La guerra commerciale tra Cina e Australia sta per finire, Pechino potrebbe presto consentire all’orzo australiano di rientrare nel Paese per la produzione di birra. Anche il vino potrebbe tornare sulla tavola dei consumatori cinesi in un futuro non troppo lontano. All’inizio di quest’anno, la Cina ha anche eliminato le restrizioni sul carbone australiano.
L’apparente disgelo è iniziato già a novembre 2022, quando dopo 6 anni il Primo Ministro australiano Anthony Albanese ha incontrato il Presidente cinese Xi Jinping. Ricordiamo che nel marzo 2021 Pechino aveva imposto dazi che tuttora oscillano tra il 116,2% e il 218,4% sul vino australiano, di fatto estromettendo quello che, fino alla fine del 2020, era il primo Paese esportatore di vino in Cina.

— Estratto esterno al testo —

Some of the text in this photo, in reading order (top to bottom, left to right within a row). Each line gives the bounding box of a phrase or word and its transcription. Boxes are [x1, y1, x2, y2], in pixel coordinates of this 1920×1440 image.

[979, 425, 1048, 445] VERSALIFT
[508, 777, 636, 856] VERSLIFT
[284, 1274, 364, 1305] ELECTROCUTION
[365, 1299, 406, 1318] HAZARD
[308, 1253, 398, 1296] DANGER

Esiste tuttavia un’interpretazione un po’ più complessa degli eventi, soprattutto recentemente. Forse è stata una mera coincidenza che la svolta commerciale sia stata accompagnata da una dimostrazione di forza nei confronti di Taiwan, dopo che ad inizio aprile il presidente della Camera degli Stati Uniti Kevin McCarthy ha incontrato a Washington la leader di Taiwan Tsai Ing-wen.
Per tre giorni, l’Esercito Popolare di Liberazione cinese ha condotto esercitazioni intorno a Taiwan con più di 200 voli di aerei da guerra cinesi in “ondate di attacchi simulati”, secondo l’emittente statale CCTV, mentre la portaerei Shandong girava intorno all’isola.

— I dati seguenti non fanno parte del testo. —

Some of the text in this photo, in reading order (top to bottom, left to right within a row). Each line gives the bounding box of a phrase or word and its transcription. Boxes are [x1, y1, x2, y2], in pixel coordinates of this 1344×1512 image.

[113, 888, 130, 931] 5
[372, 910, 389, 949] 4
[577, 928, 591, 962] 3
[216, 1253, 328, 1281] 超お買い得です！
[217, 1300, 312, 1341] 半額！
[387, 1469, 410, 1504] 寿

Come riporta il sito di ABC News Australia, per gran parte dell’ultimo anno, mentre la Cina intensificava le pressioni su Taiwan, il dibattito nella politica interna australiana è diventato sempre più polarizzato.
Culturalmente, filosoficamente e militarmente allineati con le democrazie occidentali, è innegabile che l’Australia si posizioni nell’orbita di Pechino e tragga gran parte del proprio reddito dal commercio e dagli scambi con il gigante asiatico, il che porta molti australiani a sostenere che sarebbe meglio evitare qualsiasi tipo di ostilità.

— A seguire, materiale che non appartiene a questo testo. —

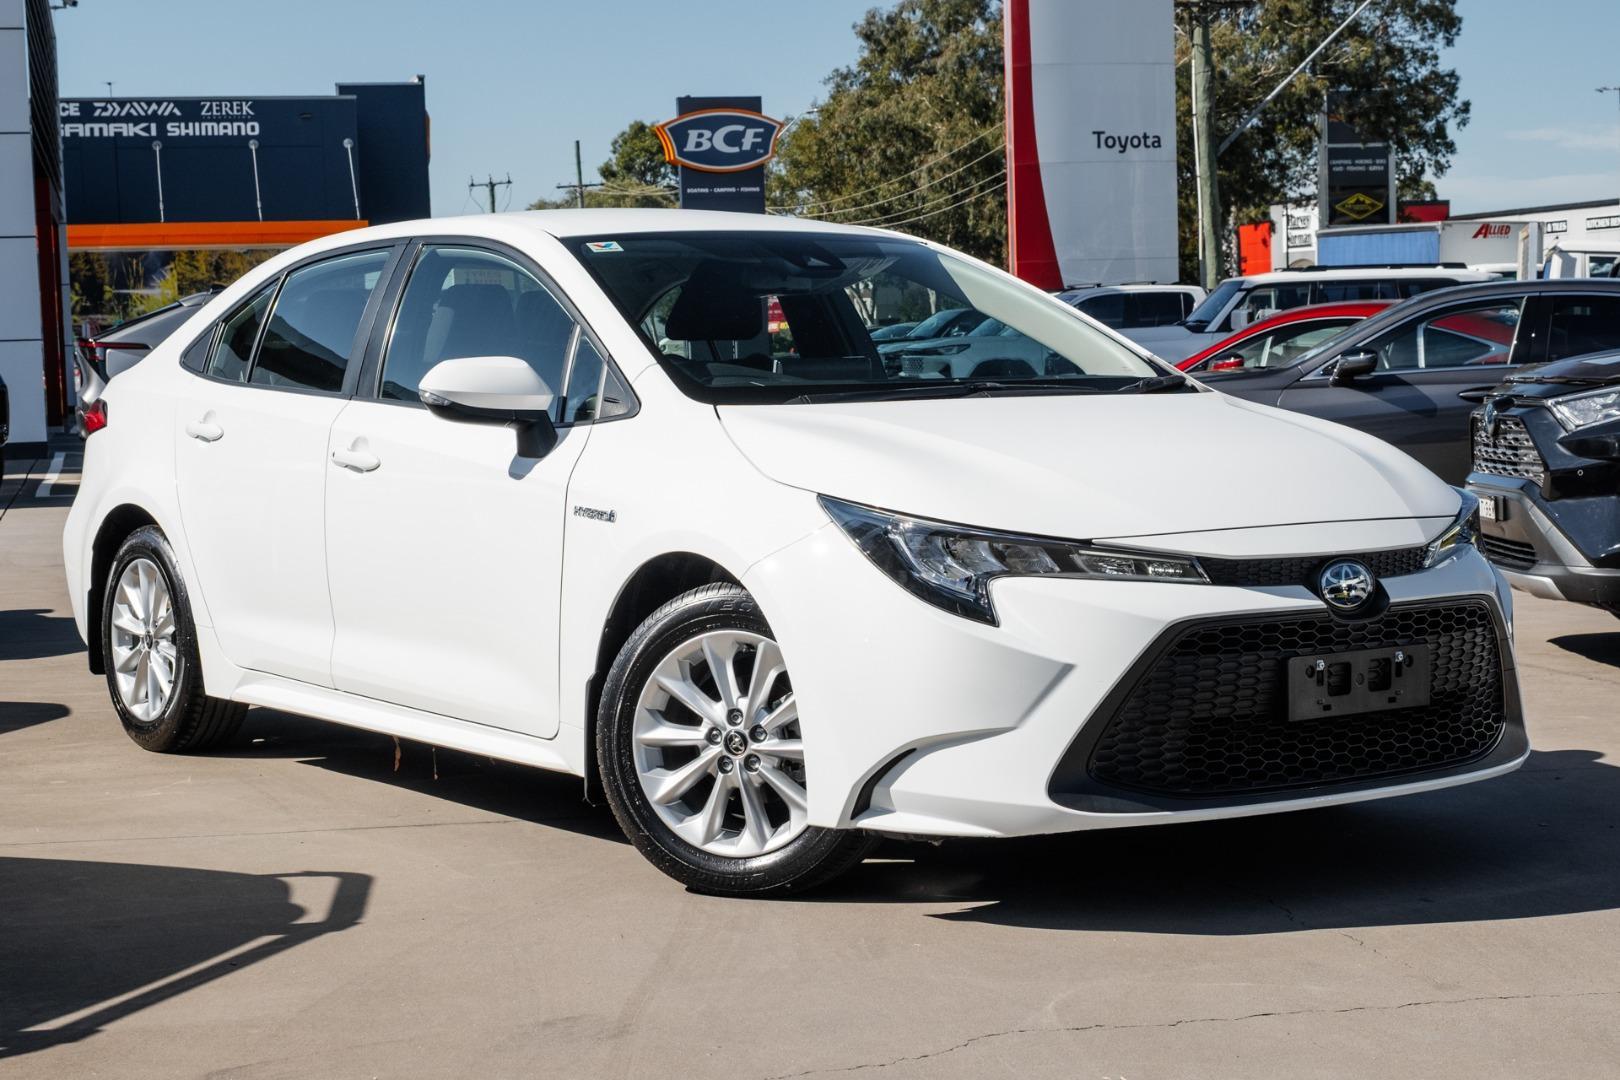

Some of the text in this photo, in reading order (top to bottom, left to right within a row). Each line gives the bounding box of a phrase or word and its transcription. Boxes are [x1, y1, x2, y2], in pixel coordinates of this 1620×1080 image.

[200, 101, 255, 116] ZEREK
[61, 122, 260, 137] AMAKI SHIMANO
[683, 125, 764, 153] BCF
[1092, 131, 1162, 154] Toyota
[1472, 223, 1511, 239] ALLIED

Emmanuel Macron ha auspicato una posizione neutrale dell’Unione Europea nel caso in cui la Cina dovesse conquistare Taiwan con la forza, ma per l’Australia la partita in gioco sarebbe differente.
La Cina dipende dall’Australia per una delle risorse chiave sia per il settore bellico che edile, il ferro. Se la Cina dovesse attaccare Taiwan, la prima mossa di Washington sarebbe probabilmente quella di pretendere l’immediata sospensione dei rapporti commerciali. Rifiutarsi, in sostanza, significherebbe sostenere la Cina in un conflitto con gli Stati Uniti. Di conseguenza, l’Australia sarebbe tra i primi a prendere posizione.
L’offensiva commerciale di Pechino si è dimostrata controproducente
Negli ultimi tre anni, la Cina ha cercato di punire l’Australia con una serie di dazi su quasi tutte le principali esportazioni, compreso carbone, legna ed aragoste. Le uniche materie prime escluse erano il ferro ed il gas naturale.
L’unica ragione per cui il ferro è stato escluso dai dazi è che si tratta di una materia prima chiave per la produzione di acciaio, vitale per il settore dall’edilizia cinese in pieno sviluppo. Il ferro australiano non è sostituibile perché nessun altro Paese garantisce gli stessi standard di volume e qualità.
In sostanza la strategia dei dazi del Governo cinese si è rivelata controproducente.
Ad esempio due anni fa, a causa della pesante carenza di carbone, gran parte della Cina continentale ha dovuto affrontare blackout paralizzanti durante uno degli inverni più rigidi mai registrati.
Come per la maggior parte delle materie prime, gli esportatori australiani si sono semplicemente spostati su altri mercati.
Un altro elemento da prendere in considerazione è il fatto che la WTO (Organizzazione mondiale del commercio) sta indagando sui dazi punitivi imposti alla Cina in seguito alle denunce presentate dall’Australia. È piuttosto prevedibile l’esigenza, da parte del Governo cinese, di fare marcia indietro prima di subire una probabile sentenza negativa.